◆ Data for review
■ ■ ■ ■ ■ ■ ■

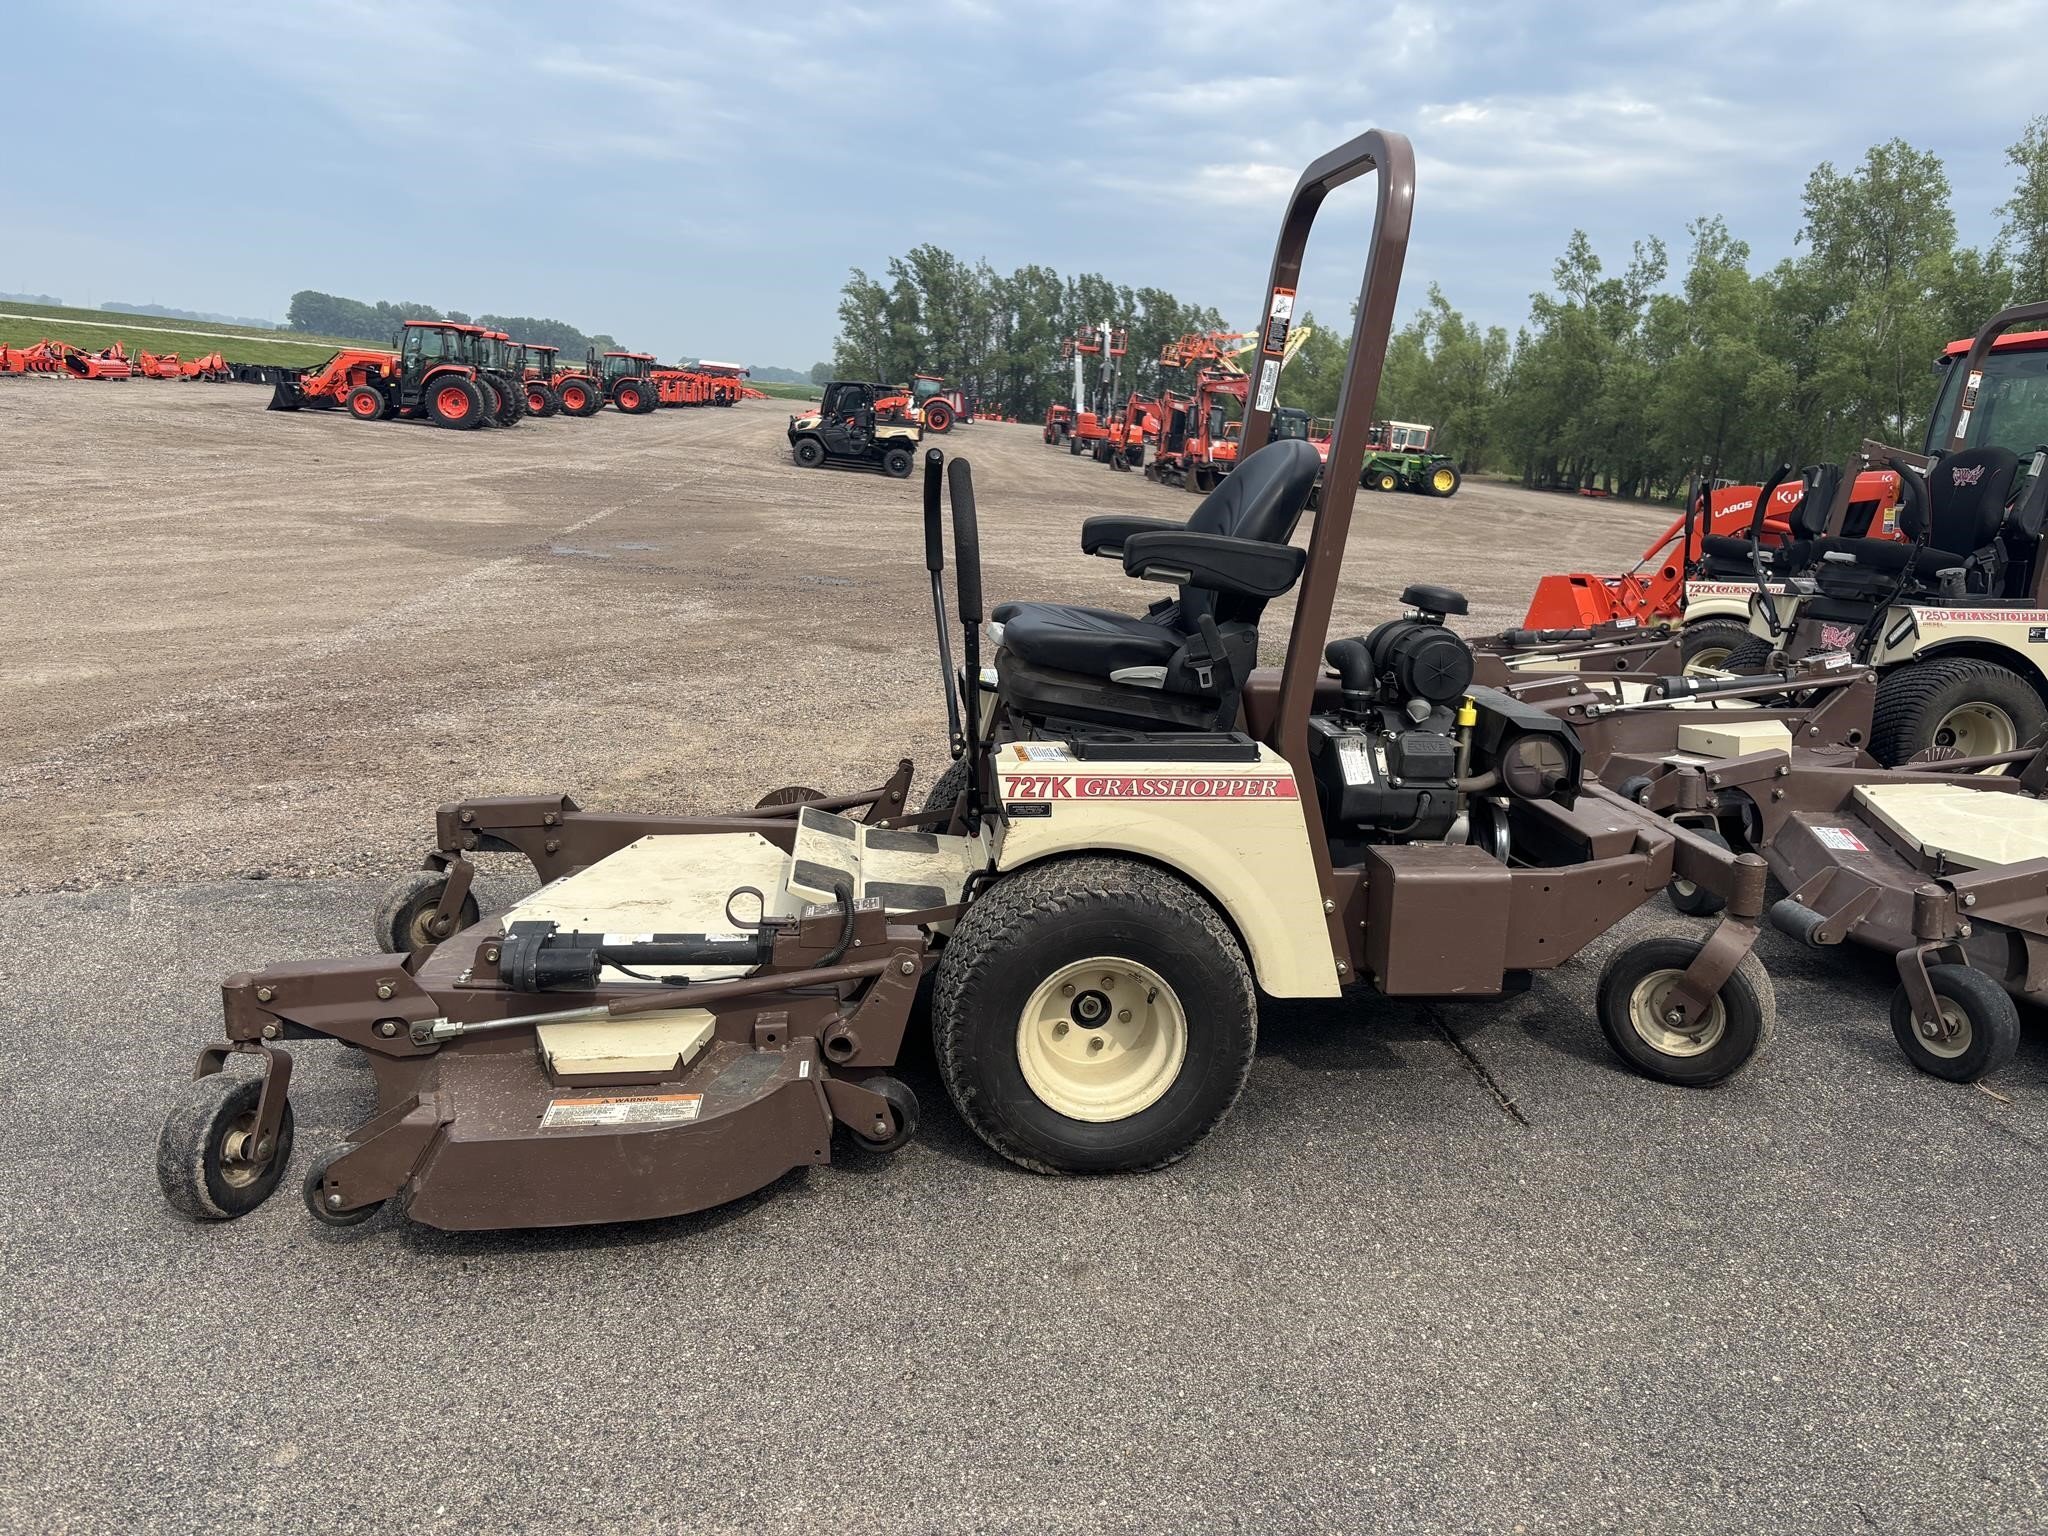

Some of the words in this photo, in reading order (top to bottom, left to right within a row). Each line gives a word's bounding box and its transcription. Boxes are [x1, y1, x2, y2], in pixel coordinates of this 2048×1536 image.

[1689, 584, 1715, 594] 727K
[1917, 610, 1949, 621] 725D
[1005, 776, 1072, 798] 727K
[1083, 778, 1279, 797] GRASSHOPPER
[615, 1096, 659, 1104] WARNING
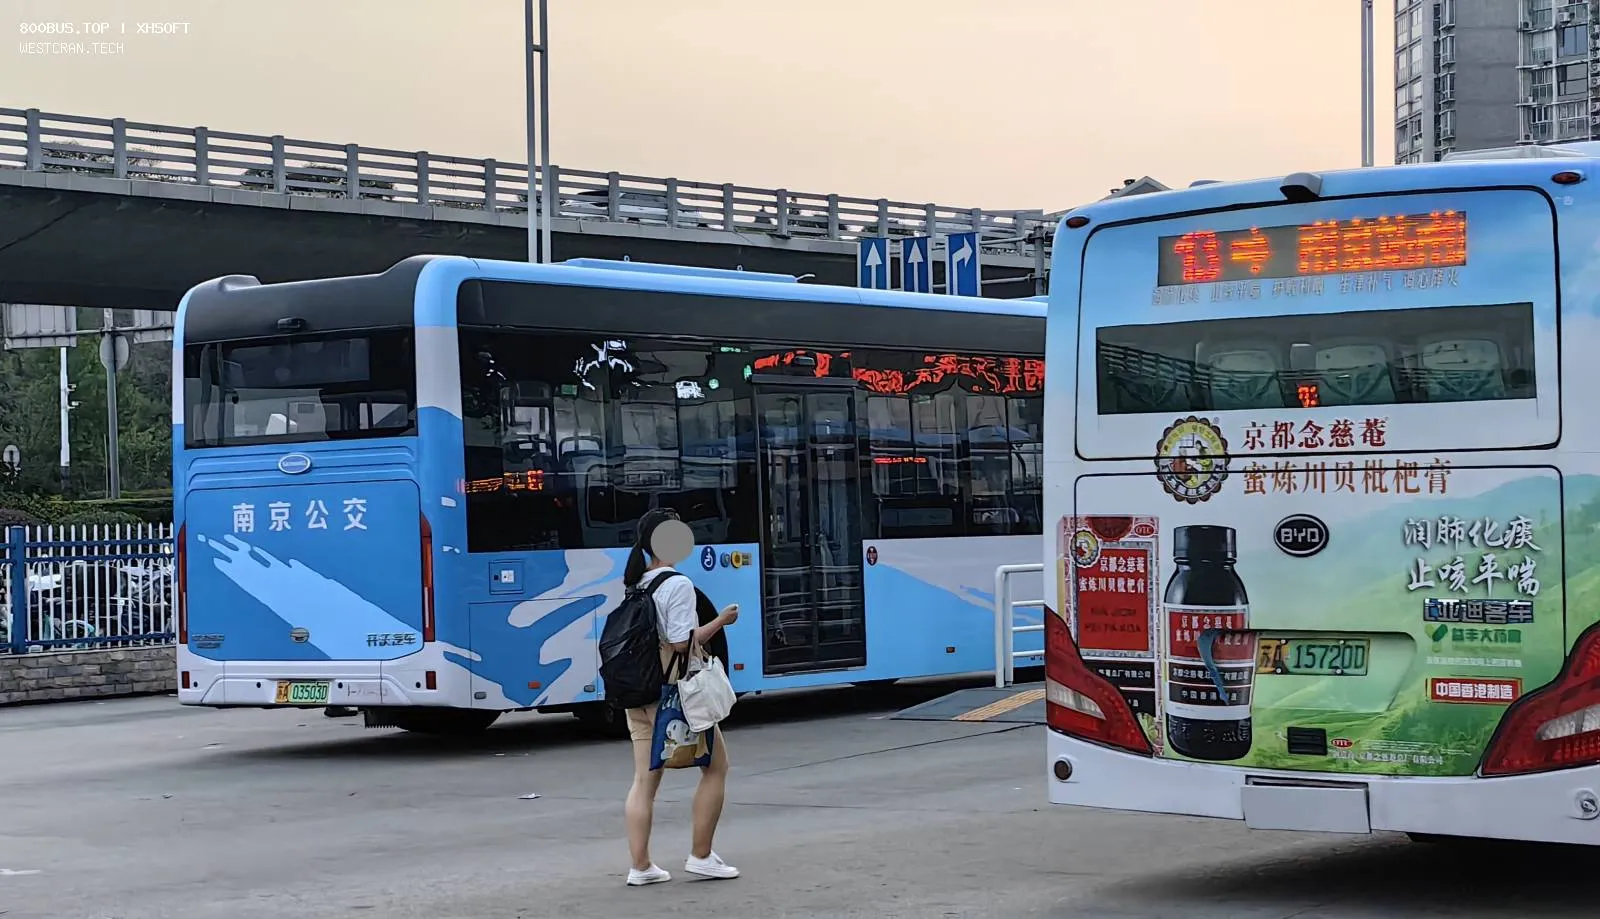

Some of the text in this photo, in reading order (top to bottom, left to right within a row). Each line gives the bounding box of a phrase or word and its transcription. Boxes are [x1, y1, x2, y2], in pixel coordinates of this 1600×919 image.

■ ■ ■ ■ ■ ■ ■

◆ Problem
When you return the records, keep every word unchanged and drop the pictures.

◆ Task answer
Some of the words in this photo, in reading order (top to bottom, left to right within a row). Each line gives a word's bounding box and its transcription. Boxes are [x1, y1, x2, y2], in pixel coordinates of this 2048×1536 image.

[1689, 584, 1715, 594] 727K
[1917, 610, 1949, 621] 725D
[1005, 776, 1072, 798] 727K
[1083, 778, 1279, 797] GRASSHOPPER
[615, 1096, 659, 1104] WARNING

Some of the text in this photo, in reading order (top to bottom, left to right within a row). Each line gives the bounding box of a phrase or word and its transcription. Boxes are [x1, y1, x2, y2], in pixel coordinates of this 1600×919 image.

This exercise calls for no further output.